• [Supplied material]
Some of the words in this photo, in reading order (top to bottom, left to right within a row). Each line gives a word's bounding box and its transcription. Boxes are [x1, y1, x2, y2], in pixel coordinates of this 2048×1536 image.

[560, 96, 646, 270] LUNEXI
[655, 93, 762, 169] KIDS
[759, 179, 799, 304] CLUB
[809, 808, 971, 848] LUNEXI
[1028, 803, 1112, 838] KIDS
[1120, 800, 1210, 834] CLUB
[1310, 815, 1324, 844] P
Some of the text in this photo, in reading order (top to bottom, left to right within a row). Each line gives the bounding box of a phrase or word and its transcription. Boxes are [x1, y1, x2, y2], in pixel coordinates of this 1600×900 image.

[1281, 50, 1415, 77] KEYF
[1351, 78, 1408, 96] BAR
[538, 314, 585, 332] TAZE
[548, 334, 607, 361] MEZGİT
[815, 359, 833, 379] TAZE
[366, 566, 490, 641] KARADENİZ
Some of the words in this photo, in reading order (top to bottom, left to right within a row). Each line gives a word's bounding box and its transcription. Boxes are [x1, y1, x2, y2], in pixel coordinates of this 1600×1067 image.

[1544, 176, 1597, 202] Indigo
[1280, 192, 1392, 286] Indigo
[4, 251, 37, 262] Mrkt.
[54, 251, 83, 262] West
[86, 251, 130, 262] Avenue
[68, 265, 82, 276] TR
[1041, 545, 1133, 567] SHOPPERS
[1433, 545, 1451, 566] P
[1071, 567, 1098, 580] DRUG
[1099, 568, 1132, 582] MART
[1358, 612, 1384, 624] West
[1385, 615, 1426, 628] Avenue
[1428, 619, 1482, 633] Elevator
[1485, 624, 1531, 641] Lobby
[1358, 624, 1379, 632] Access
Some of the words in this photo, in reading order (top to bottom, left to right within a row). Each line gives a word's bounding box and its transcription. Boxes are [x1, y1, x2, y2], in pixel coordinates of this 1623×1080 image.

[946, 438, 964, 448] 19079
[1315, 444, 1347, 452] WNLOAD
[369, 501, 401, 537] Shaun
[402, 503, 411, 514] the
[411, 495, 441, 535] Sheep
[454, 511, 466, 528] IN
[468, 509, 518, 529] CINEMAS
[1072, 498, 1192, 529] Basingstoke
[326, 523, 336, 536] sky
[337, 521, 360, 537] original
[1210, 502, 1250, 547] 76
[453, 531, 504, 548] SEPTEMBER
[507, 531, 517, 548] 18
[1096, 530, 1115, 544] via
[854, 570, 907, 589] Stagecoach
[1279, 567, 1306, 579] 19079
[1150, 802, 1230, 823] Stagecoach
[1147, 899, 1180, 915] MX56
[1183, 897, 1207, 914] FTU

• [Exercise brief] Reproduce the full set of records precisely.

• [Exercise solution]
Some of the words in this photo, in reading order (top to bottom, left to right within a row). Each line gives a word's bounding box and its transcription. Boxes are [x1, y1, x2, y2], in pixel coordinates of this 2048×1536 image.

[560, 96, 646, 270] LUNEXI
[655, 93, 762, 169] KIDS
[759, 179, 799, 304] CLUB
[809, 808, 971, 848] LUNEXI
[1028, 803, 1112, 838] KIDS
[1120, 800, 1210, 834] CLUB
[1310, 815, 1324, 844] P
Some of the text in this photo, in reading order (top to bottom, left to right within a row). Each line gives the bounding box of a phrase or word and its transcription. Boxes are [x1, y1, x2, y2], in pixel coordinates of this 1600×900 image.

[1281, 50, 1415, 77] KEYF
[1351, 78, 1408, 96] BAR
[538, 314, 585, 332] TAZE
[548, 334, 607, 361] MEZGİT
[815, 359, 833, 379] TAZE
[366, 566, 490, 641] KARADENİZ
Some of the words in this photo, in reading order (top to bottom, left to right within a row). Each line gives a word's bounding box and its transcription. Boxes are [x1, y1, x2, y2], in pixel coordinates of this 1600×1067 image.

[1544, 176, 1597, 202] Indigo
[1280, 192, 1392, 286] Indigo
[4, 251, 37, 262] Mrkt.
[54, 251, 83, 262] West
[86, 251, 130, 262] Avenue
[68, 265, 82, 276] TR
[1041, 545, 1133, 567] SHOPPERS
[1433, 545, 1451, 566] P
[1071, 567, 1098, 580] DRUG
[1099, 568, 1132, 582] MART
[1358, 612, 1384, 624] West
[1385, 615, 1426, 628] Avenue
[1428, 619, 1482, 633] Elevator
[1485, 624, 1531, 641] Lobby
[1358, 624, 1379, 632] Access
Some of the words in this photo, in reading order (top to bottom, left to right within a row). Each line gives a word's bounding box and its transcription. Boxes are [x1, y1, x2, y2], in pixel coordinates of this 1623×1080 image.

[946, 438, 964, 448] 19079
[1315, 444, 1347, 452] WNLOAD
[369, 501, 401, 537] Shaun
[402, 503, 411, 514] the
[411, 495, 441, 535] Sheep
[454, 511, 466, 528] IN
[468, 509, 518, 529] CINEMAS
[1072, 498, 1192, 529] Basingstoke
[326, 523, 336, 536] sky
[337, 521, 360, 537] original
[1210, 502, 1250, 547] 76
[453, 531, 504, 548] SEPTEMBER
[507, 531, 517, 548] 18
[1096, 530, 1115, 544] via
[854, 570, 907, 589] Stagecoach
[1279, 567, 1306, 579] 19079
[1150, 802, 1230, 823] Stagecoach
[1147, 899, 1180, 915] MX56
[1183, 897, 1207, 914] FTU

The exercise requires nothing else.